*Your instructions*.
Please return the whole listing, character for character.

>>>

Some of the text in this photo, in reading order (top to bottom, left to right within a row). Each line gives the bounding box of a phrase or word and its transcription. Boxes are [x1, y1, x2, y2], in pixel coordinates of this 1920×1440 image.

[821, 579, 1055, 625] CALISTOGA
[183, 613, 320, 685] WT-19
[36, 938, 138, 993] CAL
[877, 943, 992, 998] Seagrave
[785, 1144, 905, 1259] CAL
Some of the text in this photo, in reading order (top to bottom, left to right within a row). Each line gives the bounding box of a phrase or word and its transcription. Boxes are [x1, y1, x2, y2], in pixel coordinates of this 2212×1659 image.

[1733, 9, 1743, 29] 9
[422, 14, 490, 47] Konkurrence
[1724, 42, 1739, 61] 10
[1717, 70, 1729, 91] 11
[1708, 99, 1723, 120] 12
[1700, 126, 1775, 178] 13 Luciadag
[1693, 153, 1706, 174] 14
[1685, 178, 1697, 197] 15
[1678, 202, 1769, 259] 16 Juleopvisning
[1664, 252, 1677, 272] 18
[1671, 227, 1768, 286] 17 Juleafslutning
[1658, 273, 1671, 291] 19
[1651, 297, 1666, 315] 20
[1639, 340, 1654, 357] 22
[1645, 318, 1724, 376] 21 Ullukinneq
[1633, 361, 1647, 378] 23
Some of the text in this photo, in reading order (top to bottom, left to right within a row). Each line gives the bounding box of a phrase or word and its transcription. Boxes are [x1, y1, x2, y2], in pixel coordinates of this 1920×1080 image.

<<<

*Solution to this task*.
Some of the text in this photo, in reading order (top to bottom, left to right within a row). Each line gives the bounding box of a phrase or word and its transcription. Boxes are [x1, y1, x2, y2], in pixel coordinates of this 1920×1440 image.

[821, 579, 1055, 625] CALISTOGA
[183, 613, 320, 685] WT-19
[36, 938, 138, 993] CAL
[877, 943, 992, 998] Seagrave
[785, 1144, 905, 1259] CAL
Some of the text in this photo, in reading order (top to bottom, left to right within a row). Each line gives the bounding box of a phrase or word and its transcription. Boxes are [x1, y1, x2, y2], in pixel coordinates of this 2212×1659 image.

[1733, 9, 1743, 29] 9
[422, 14, 490, 47] Konkurrence
[1724, 42, 1739, 61] 10
[1717, 70, 1729, 91] 11
[1708, 99, 1723, 120] 12
[1700, 126, 1775, 178] 13 Luciadag
[1693, 153, 1706, 174] 14
[1685, 178, 1697, 197] 15
[1678, 202, 1769, 259] 16 Juleopvisning
[1664, 252, 1677, 272] 18
[1671, 227, 1768, 286] 17 Juleafslutning
[1658, 273, 1671, 291] 19
[1651, 297, 1666, 315] 20
[1639, 340, 1654, 357] 22
[1645, 318, 1724, 376] 21 Ullukinneq
[1633, 361, 1647, 378] 23
Some of the text in this photo, in reading order (top to bottom, left to right within a row). Each line gives the bounding box of a phrase or word and its transcription. Boxes are [x1, y1, x2, y2], in pixel coordinates of this 1920×1080 image.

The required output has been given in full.